- **Spatial localization data**
== Segment start ==

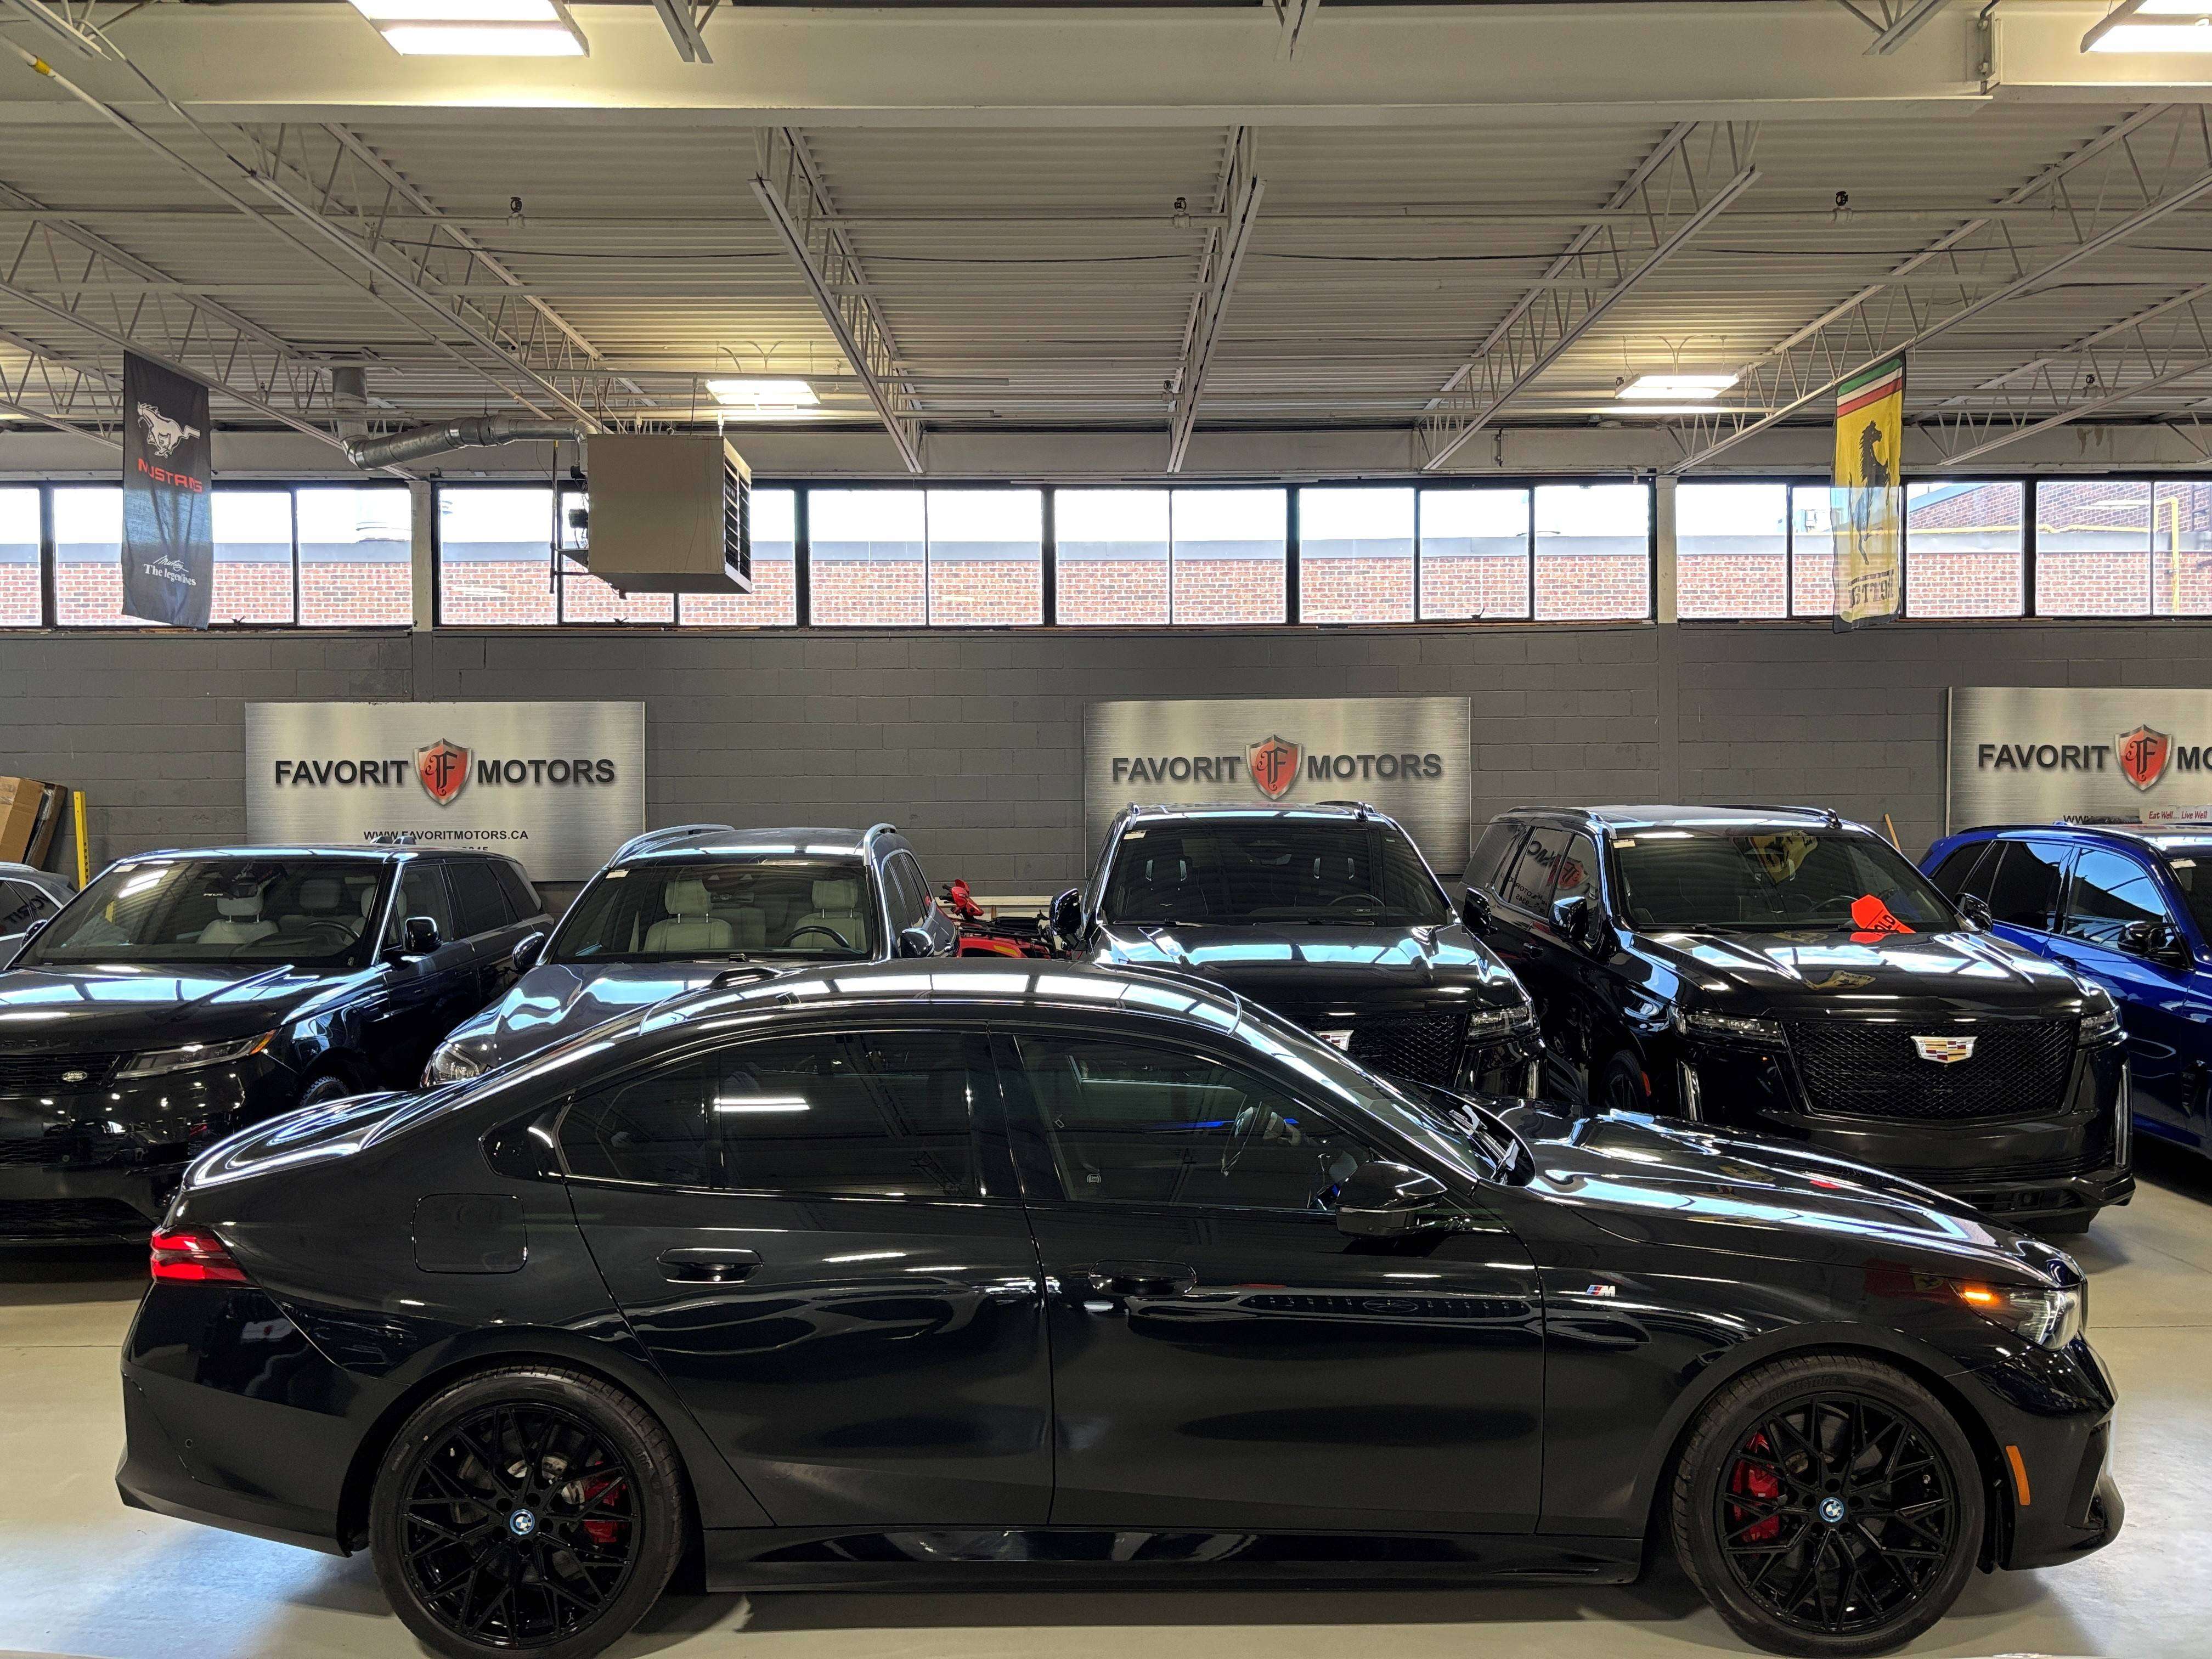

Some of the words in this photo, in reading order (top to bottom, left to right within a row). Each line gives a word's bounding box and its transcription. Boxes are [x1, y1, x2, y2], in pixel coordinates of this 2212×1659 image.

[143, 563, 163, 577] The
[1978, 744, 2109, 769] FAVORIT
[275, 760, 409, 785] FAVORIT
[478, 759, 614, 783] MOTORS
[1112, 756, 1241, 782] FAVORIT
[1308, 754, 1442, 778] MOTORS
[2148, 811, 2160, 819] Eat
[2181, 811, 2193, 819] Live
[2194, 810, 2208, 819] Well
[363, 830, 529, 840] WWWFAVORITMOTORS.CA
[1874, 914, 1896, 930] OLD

== Segment end ==

- **What to do**
Transcribe every record exactly and omit each image.

- **Response area**
Some of the words in this photo, in reading order (top to bottom, left to right within a row). Each line gives a word's bounding box and its transcription. Boxes are [x1, y1, x2, y2], in pixel coordinates of this 2212×1659 image.

[143, 563, 163, 577] The
[1978, 744, 2109, 769] FAVORIT
[275, 760, 409, 785] FAVORIT
[478, 759, 614, 783] MOTORS
[1112, 756, 1241, 782] FAVORIT
[1308, 754, 1442, 778] MOTORS
[2148, 811, 2160, 819] Eat
[2181, 811, 2193, 819] Live
[2194, 810, 2208, 819] Well
[363, 830, 529, 840] WWWFAVORITMOTORS.CA
[1874, 914, 1896, 930] OLD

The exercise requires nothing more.